Postnatally, DNA was extracted from skin, buccal mucosa and peripheral blood, and analyzed using a genome-wide SNP array (Illumina Quad610 beadchip). Analysis of the LogR ratio and B-allele frequency from all three samples from this child was consistent with two copies of chromosome 17, with no evidence for trisomy mosaicism. The genotypes at each locus were compared between the samples from all three tissues, and all tissues had identical genotypes, with a pattern of alleles consistent with biparental inheritance, with no evidence for either uniparental disomy, or altered combinations of chromosome 17 alleles secondary to resolution of the mosaicism (Fig. 3C).

DISCUSSION

We present two cases of mosaic trisomy 17 diagnosed at amniocentesis, with very different clinical and cytogenetic outcomes observed postnatally (Table I).

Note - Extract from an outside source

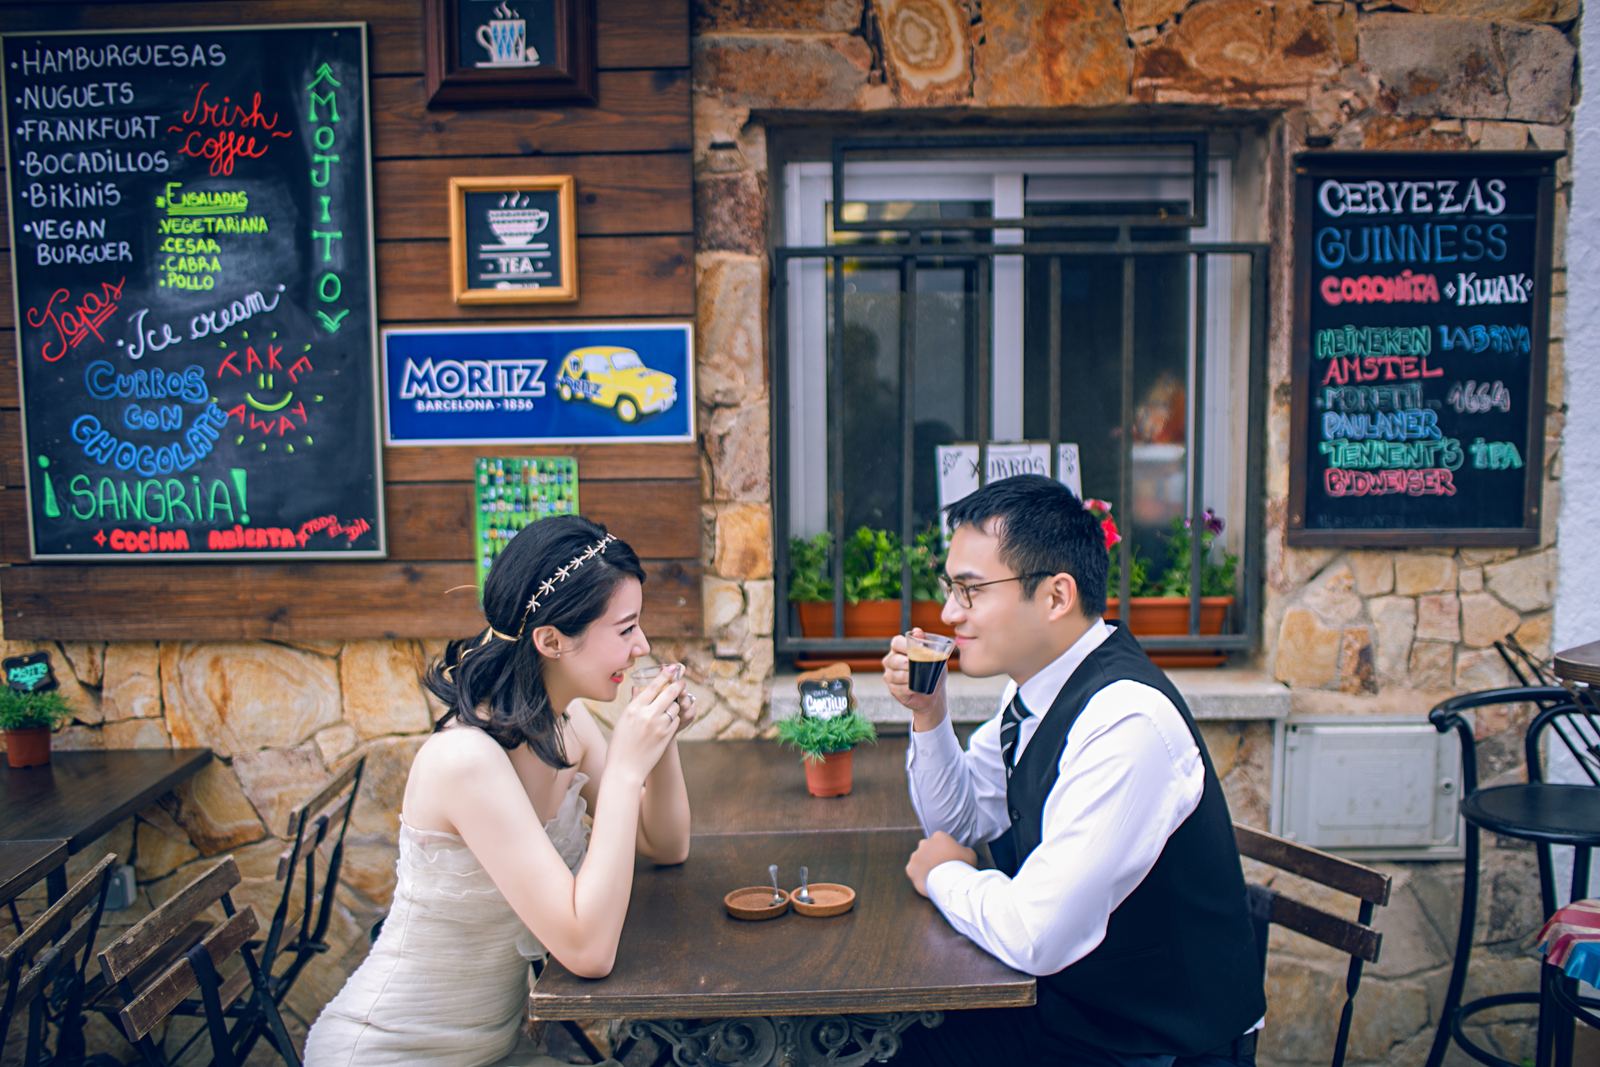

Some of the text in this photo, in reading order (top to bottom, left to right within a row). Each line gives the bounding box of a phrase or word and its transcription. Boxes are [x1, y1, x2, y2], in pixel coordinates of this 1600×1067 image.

In case 1, amniocentesis was carried out due to an increased risk identified on maternal serum screening and complete trisomy 17 was diagnosed at amniocentesis. Postnatal follow up studies showed 50–75% trisomy 17 in uncultured skin when analyzed by a genome-wide SNP array. The patient had multiple anomalies and died at 9 days of age. In case 2, amniocentesis was carried out after tetralogy of Fallot was diagnosed prenatally and cytogenetic analysis of cells cultured from amniotic fluid demonstrated mosaic trisomy 17 in 4/17 cells (23%). Postnatal studies documented a normal genome-wide SNP array in DNA from skin, buccal mucosa and peripheral blood. We estimate that this array will rule out mosaicism as low as 5–10% [Conlin et al., 2010]. Clinically, this patient had only mild micrognathia and a 1–2 sandal gap on one foot, in addition to the tetralogy of Fallot. Development is normal at age 3 months.

Table I.

Overview of cytogenetic findings

Amniocentesis Buccal Lymphocytes/cordocentesis Fibroblasts
Case 1 47, XX, +17[15] Normal BAC array 46, XX Right side: ~75% +17
Left side: ~50% +17
Case 2 47, XY, +17 [4]/46, XY[13] Normal SNP array Normal SNP array Normal SNP Array
Open in a new tab

Mosaic T17 is among the rarer trisomies seen in liveborn infants. Most of the reported cases were initially identified through prenatal amniocentesis or CVS and resulted in normal, healthy infants suggesting that the trisomy was confined to extra-embryonic tissues. The nine cases with confirmed mosaic trisomy 17 in other tissues all presented with congenital anomalies, although the phenotypes reported were variable. Considering that different mosaic proportions of trisomy 17 were found in various tissues, the clinical variability may be due to tissue-specific mosaicism. We add two additional cases of mosaic trisomy 17 that were identified in amniocytes and presented with variable manifestations.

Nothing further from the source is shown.